El 24 de febrero de 2022, Vladimir Putin ordenó a sus tropas bombardear ciudades ucranianas e iniciar una cruenta invasión que se mantiene un año después y ya ha dejado decenas de miles de muertos, millones de refugiados y desplazados internos, ciudades bombardeadas y destruidas y una economía muy golpeada.
Con su balance devastador, la invasión rusa a Ucrania se convirtió en sinónimo de sufrimiento y destrucción, alteró el orden y el tráfico de energía y alimentos a nivel mundial. Fue, además, una usina de noticias falsas, corrientes de desinformación y acusaciones mutuas entre Rusia y Ucrania sobre crímenes de guerra.

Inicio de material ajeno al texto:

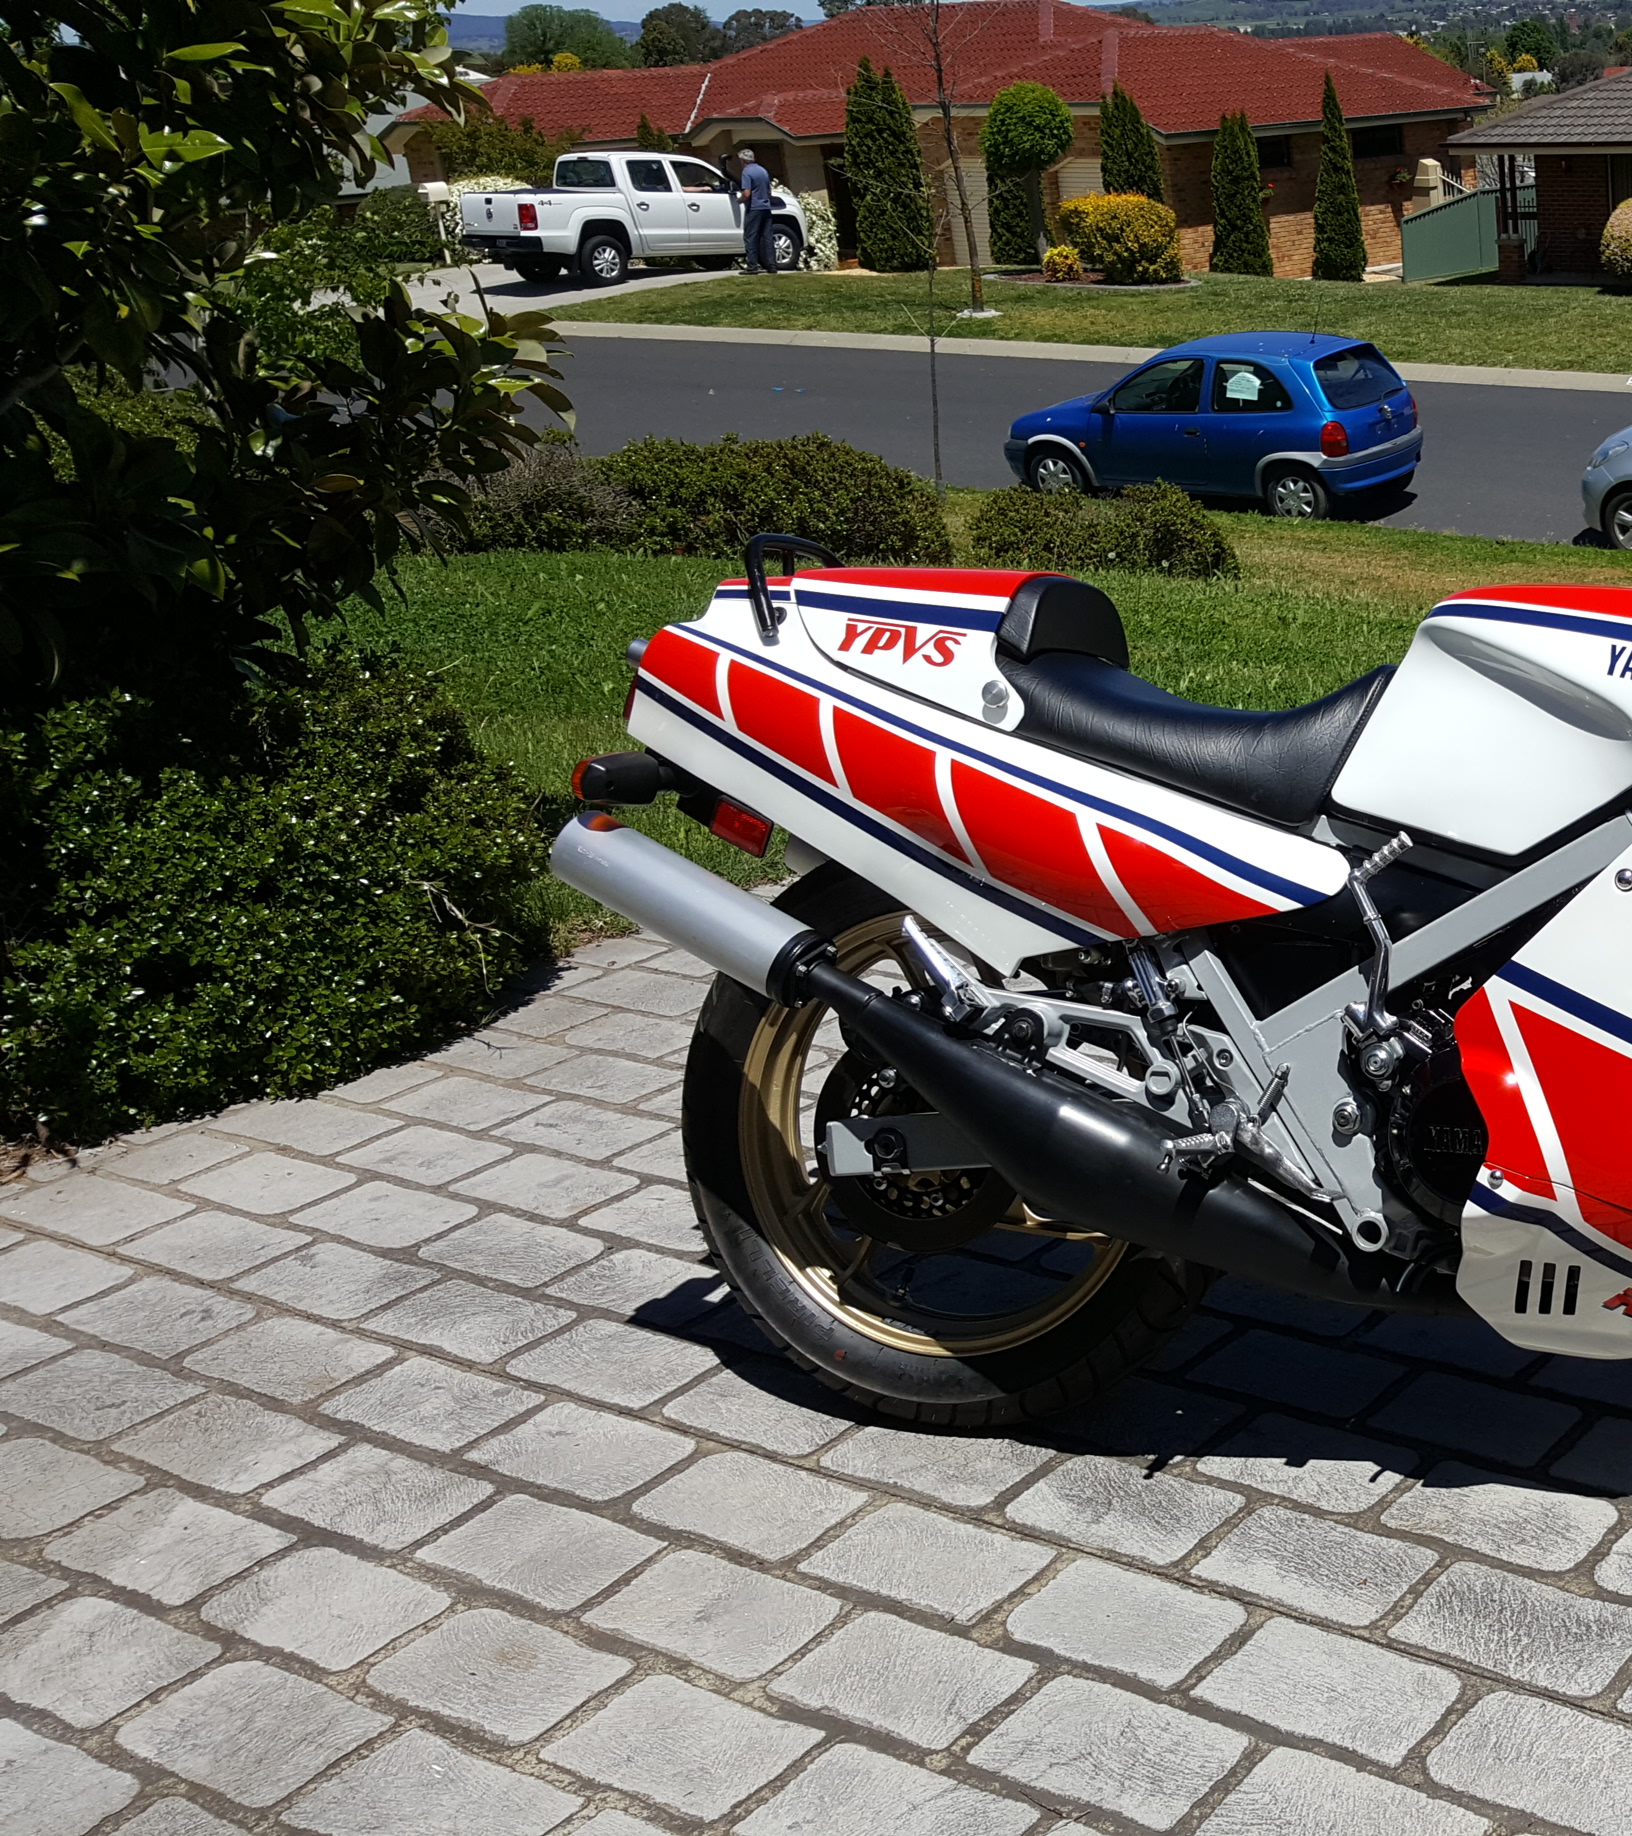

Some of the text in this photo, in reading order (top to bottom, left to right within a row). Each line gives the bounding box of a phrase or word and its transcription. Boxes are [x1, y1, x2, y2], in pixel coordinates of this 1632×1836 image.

[837, 617, 967, 667] YPVS
[1428, 1126, 1483, 1154] YAMA
[738, 1228, 836, 1341] PIRELLI

En las retinas y en la memoria de los que siguen el conflicto por redes sociales o por medios de prensa, quedarán las imágenes de las fosas comunes halladas en Bucha, la devastación dejada por los bombardeos en Irpin y el asedio a Mariúpol y el miedo al desastre nuclear en la ocupada planta de Zaporiyia.
La invasión, que se produce tras frenéticos esfuerzos diplomáticos por mantener a Moscú en la mesa de negociaciones, es denominada por Putin como “operación militar especial”, con el supuesto objetivo de “liberar” de un gobierno nazi a los rusos que viven en la región del Donbás. Pronto se mostró que las intenciones eran ocupar toda Ucrania.
Tras la muerte y la destrucción de los primeros bombardeos, se produce un éxodo masivo de ucranianos que intentaban salir del país en autos, colectivos, trenes o a pie, principalmente hacia las fronteras de Polonia, Hungría y Rumania. Son sobre todo mujeres y niños, ya que a los hombres en edad para luchar se les ordena quedarse. La invasión también provoca protestas en distintos países y reiterados llamados del Papa y de Naciones Unidas, que reclaman una paz “justa y duradera”, que parece muy lejos.